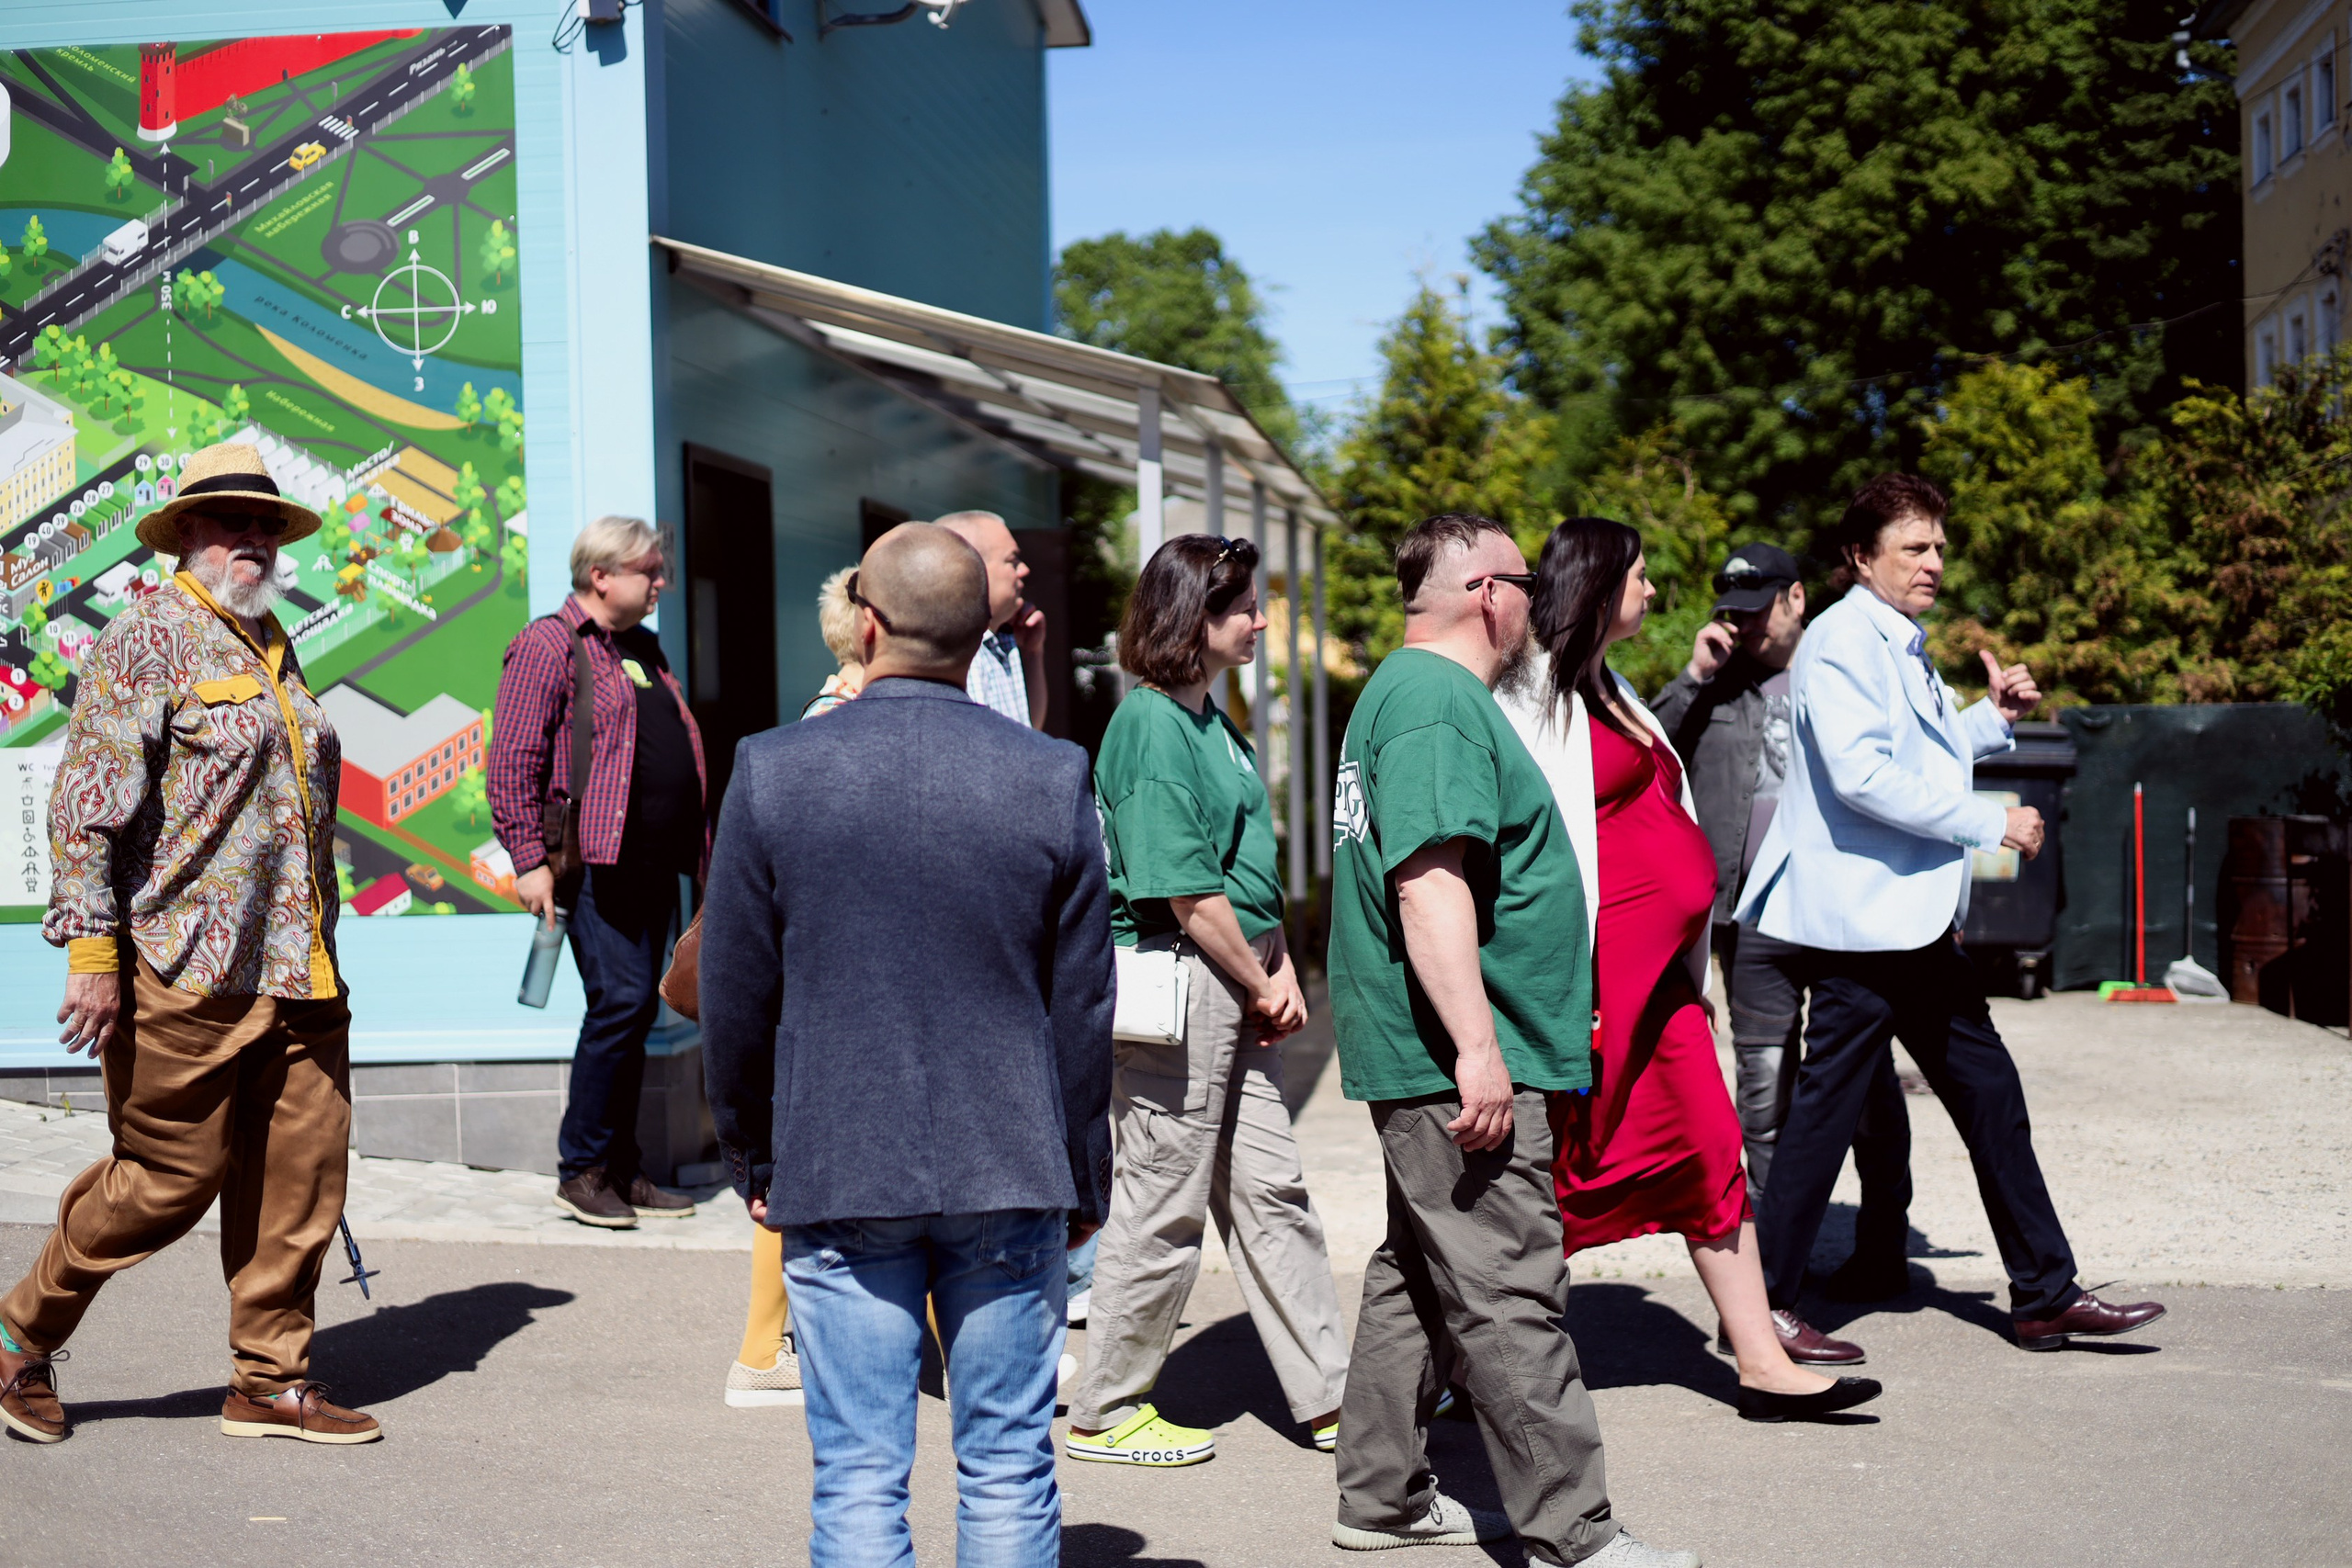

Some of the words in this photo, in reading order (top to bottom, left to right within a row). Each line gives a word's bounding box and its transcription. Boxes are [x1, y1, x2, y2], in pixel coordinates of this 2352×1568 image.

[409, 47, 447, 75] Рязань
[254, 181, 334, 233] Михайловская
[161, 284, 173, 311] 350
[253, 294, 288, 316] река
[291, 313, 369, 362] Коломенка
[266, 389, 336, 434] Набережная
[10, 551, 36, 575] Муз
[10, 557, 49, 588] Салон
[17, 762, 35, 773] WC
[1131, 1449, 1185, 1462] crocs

_Exercise aim_.
Leaving aside the pictures, copy the listing above exactly.

_Exercise solution_.
Some of the words in this photo, in reading order (top to bottom, left to right within a row). Each line gives a word's bounding box and its transcription. Boxes are [x1, y1, x2, y2], in pixel coordinates of this 2352×1568 image.

[409, 47, 447, 75] Рязань
[254, 181, 334, 233] Михайловская
[161, 284, 173, 311] 350
[253, 294, 288, 316] река
[291, 313, 369, 362] Коломенка
[266, 389, 336, 434] Набережная
[10, 551, 36, 575] Муз
[10, 557, 49, 588] Салон
[17, 762, 35, 773] WC
[1131, 1449, 1185, 1462] crocs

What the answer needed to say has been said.